NEUROFARBA Department, Pharmaceutical and Nutraceutical Section, University of Florence, Florence, Italy.
J Enzyme Inhib Med Chem. 2023 Dec;38(1):2174981. doi: 10.1080/14756366.2023.2174981.
A small library of substituted cyclic guanidine incorporated benzothiazole-6-sulphonamides was synthesized. All obtained compounds were investigated for their inhibitory activity against the key brain-associated human carbonic anhydrase isoform hCA VII (a promising target for the treatment of neuropathic pain) and three isoforms expressed in brain and other tissues, hCA I, II, and IV. Sulphaguanidine derivatives were inactive on the all investigated isoforms while the primary sulphonamide containing guanidines and were inactive towards hCA IV but displayed inhibiting properties on hCA I, II, and VII with K values in the low nanomolar to micromolar ranges. The results indicated that isoforms hCA II and VII were potently and selectively inhibited by these compounds, whereas the cytosolic hCA I was less sensitive to inhibition. The derivatives reported in this study might be useful for design of more potent and selective inhibitors of hCA II and VII.
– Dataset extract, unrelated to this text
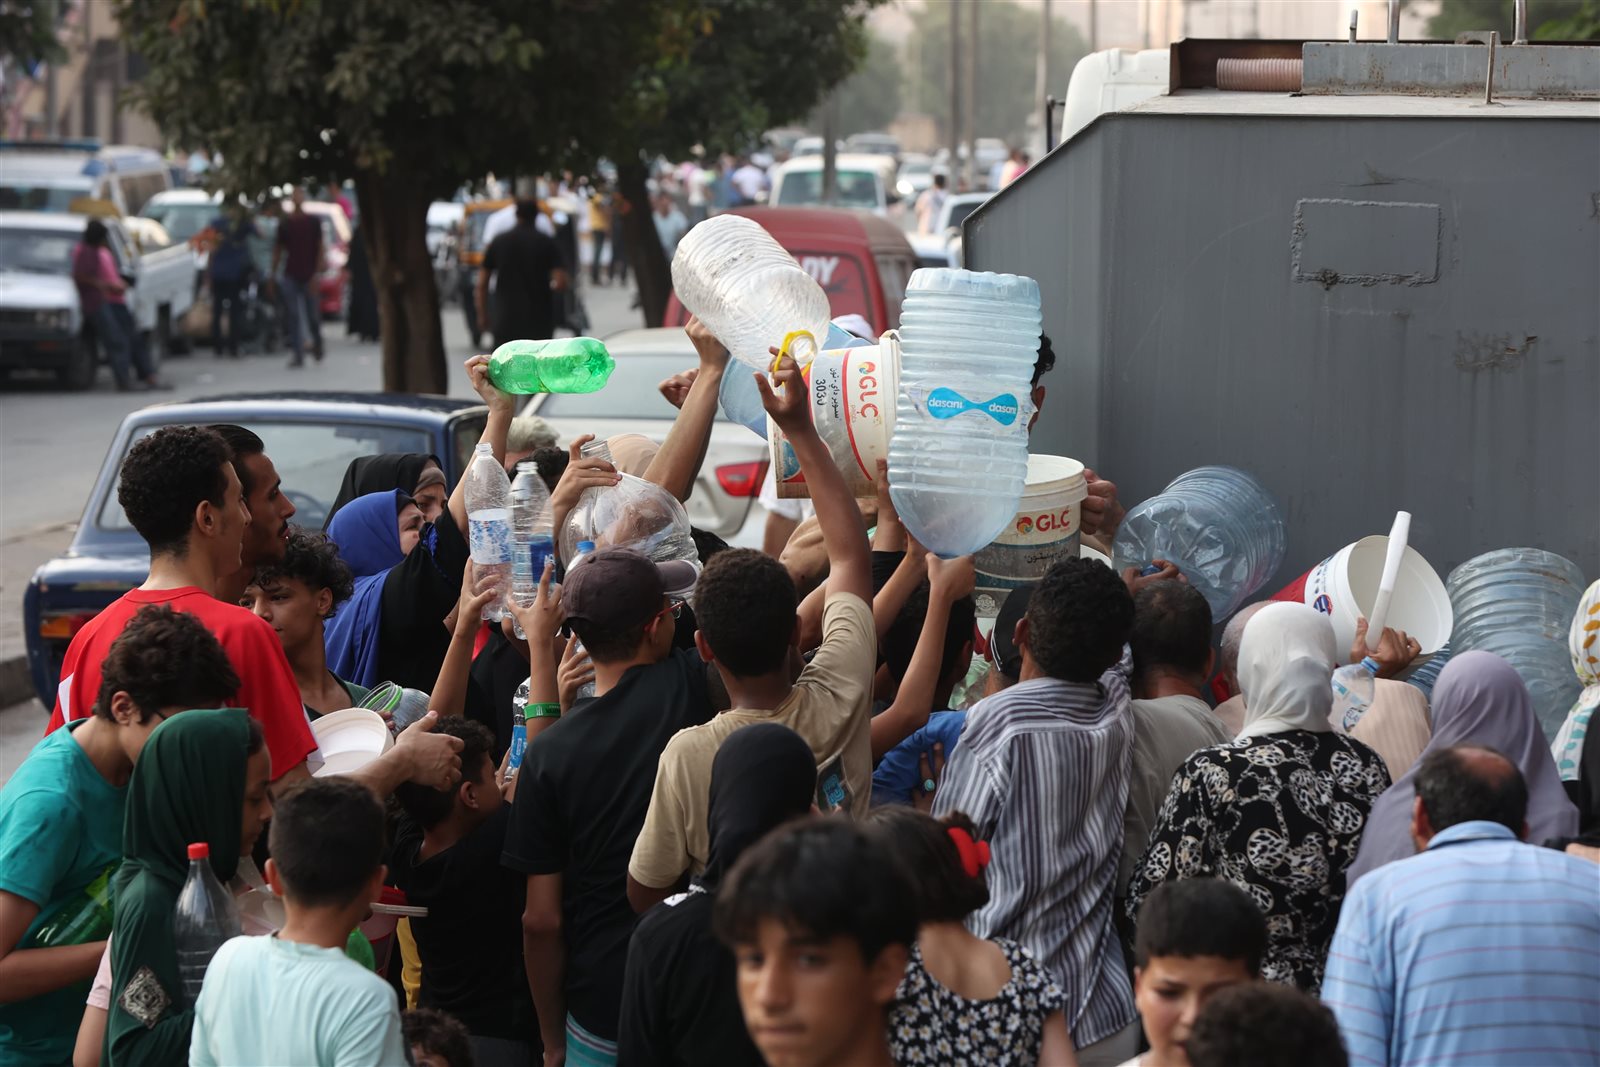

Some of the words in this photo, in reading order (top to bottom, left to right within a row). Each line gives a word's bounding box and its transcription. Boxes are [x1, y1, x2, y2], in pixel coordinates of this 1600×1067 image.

[858, 375, 879, 418] GLC
[928, 397, 963, 409] dasani
[1035, 509, 1070, 532] GLC
合成了一个包含取代环状胍的苯并噻唑-6-磺酰胺的小文库。所有获得的化合物都被研究了它们对关键脑相关人碳酸酐酶同工酶 hCA VII(治疗神经性疼痛的有希望的靶标)和在脑和其他组织中表达的三种同工酶 hCA I、II 和 IV 的抑制活性。磺胺胍衍生物对所有研究的同工酶均无活性,而含有胍的主要磺酰胺 和 对 hCA IV 无活性,但对 hCA I、II 和 VII 具有抑制特性,K 值在纳摩尔到微摩尔范围内。结果表明,这些化合物强烈且选择性地抑制同工酶 hCA II 和 VII,而细胞质 hCA I 对抑制的敏感性较低。本研究中报道的衍生物可能有助于设计更有效和选择性的 hCA II 和 VII 抑制剂。